=== Begin Enclosure ===
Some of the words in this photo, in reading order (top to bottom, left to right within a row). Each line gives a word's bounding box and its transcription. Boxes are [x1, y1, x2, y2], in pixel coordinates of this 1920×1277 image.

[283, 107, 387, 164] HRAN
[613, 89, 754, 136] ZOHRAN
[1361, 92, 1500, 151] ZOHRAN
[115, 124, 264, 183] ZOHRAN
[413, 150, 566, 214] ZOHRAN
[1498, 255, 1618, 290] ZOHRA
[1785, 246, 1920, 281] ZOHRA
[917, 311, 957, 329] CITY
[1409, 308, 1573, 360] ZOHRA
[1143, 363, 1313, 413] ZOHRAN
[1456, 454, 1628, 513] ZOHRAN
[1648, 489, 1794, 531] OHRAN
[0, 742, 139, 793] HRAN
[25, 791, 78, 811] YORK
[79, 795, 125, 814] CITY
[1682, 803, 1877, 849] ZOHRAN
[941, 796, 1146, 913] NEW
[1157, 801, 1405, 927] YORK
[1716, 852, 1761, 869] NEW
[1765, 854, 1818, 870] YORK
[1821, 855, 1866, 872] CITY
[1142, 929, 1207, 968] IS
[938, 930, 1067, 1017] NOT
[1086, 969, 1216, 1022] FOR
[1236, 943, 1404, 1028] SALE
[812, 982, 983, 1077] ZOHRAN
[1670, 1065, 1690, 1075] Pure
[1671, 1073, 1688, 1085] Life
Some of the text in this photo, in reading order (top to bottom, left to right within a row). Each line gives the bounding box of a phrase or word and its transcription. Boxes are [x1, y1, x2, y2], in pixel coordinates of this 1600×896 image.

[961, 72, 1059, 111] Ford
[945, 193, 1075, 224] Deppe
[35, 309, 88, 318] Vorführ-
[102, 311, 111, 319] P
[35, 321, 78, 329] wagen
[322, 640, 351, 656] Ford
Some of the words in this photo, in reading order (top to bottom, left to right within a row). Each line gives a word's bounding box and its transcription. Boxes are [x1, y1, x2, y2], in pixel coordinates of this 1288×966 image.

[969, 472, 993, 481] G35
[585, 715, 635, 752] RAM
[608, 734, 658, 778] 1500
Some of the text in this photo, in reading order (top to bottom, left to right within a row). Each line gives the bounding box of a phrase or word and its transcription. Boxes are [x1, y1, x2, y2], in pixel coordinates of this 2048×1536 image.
=== End Enclosure ===
• _Task to carry out_: Copy every line of the records word for word.

• _Exercise solution_:
Some of the words in this photo, in reading order (top to bottom, left to right within a row). Each line gives a word's bounding box and its transcription. Boxes are [x1, y1, x2, y2], in pixel coordinates of this 1920×1277 image.

[283, 107, 387, 164] HRAN
[613, 89, 754, 136] ZOHRAN
[1361, 92, 1500, 151] ZOHRAN
[115, 124, 264, 183] ZOHRAN
[413, 150, 566, 214] ZOHRAN
[1498, 255, 1618, 290] ZOHRA
[1785, 246, 1920, 281] ZOHRA
[917, 311, 957, 329] CITY
[1409, 308, 1573, 360] ZOHRA
[1143, 363, 1313, 413] ZOHRAN
[1456, 454, 1628, 513] ZOHRAN
[1648, 489, 1794, 531] OHRAN
[0, 742, 139, 793] HRAN
[25, 791, 78, 811] YORK
[79, 795, 125, 814] CITY
[1682, 803, 1877, 849] ZOHRAN
[941, 796, 1146, 913] NEW
[1157, 801, 1405, 927] YORK
[1716, 852, 1761, 869] NEW
[1765, 854, 1818, 870] YORK
[1821, 855, 1866, 872] CITY
[1142, 929, 1207, 968] IS
[938, 930, 1067, 1017] NOT
[1086, 969, 1216, 1022] FOR
[1236, 943, 1404, 1028] SALE
[812, 982, 983, 1077] ZOHRAN
[1670, 1065, 1690, 1075] Pure
[1671, 1073, 1688, 1085] Life
Some of the text in this photo, in reading order (top to bottom, left to right within a row). Each line gives the bounding box of a phrase or word and its transcription. Boxes are [x1, y1, x2, y2], in pixel coordinates of this 1600×896 image.

[961, 72, 1059, 111] Ford
[945, 193, 1075, 224] Deppe
[35, 309, 88, 318] Vorführ-
[102, 311, 111, 319] P
[35, 321, 78, 329] wagen
[322, 640, 351, 656] Ford
Some of the words in this photo, in reading order (top to bottom, left to right within a row). Each line gives a word's bounding box and its transcription. Boxes are [x1, y1, x2, y2], in pixel coordinates of this 1288×966 image.

[969, 472, 993, 481] G35
[585, 715, 635, 752] RAM
[608, 734, 658, 778] 1500
Some of the text in this photo, in reading order (top to bottom, left to right within a row). Each line gives the bounding box of a phrase or word and its transcription. Boxes are [x1, y1, x2, y2], in pixel coordinates of this 2048×1536 image.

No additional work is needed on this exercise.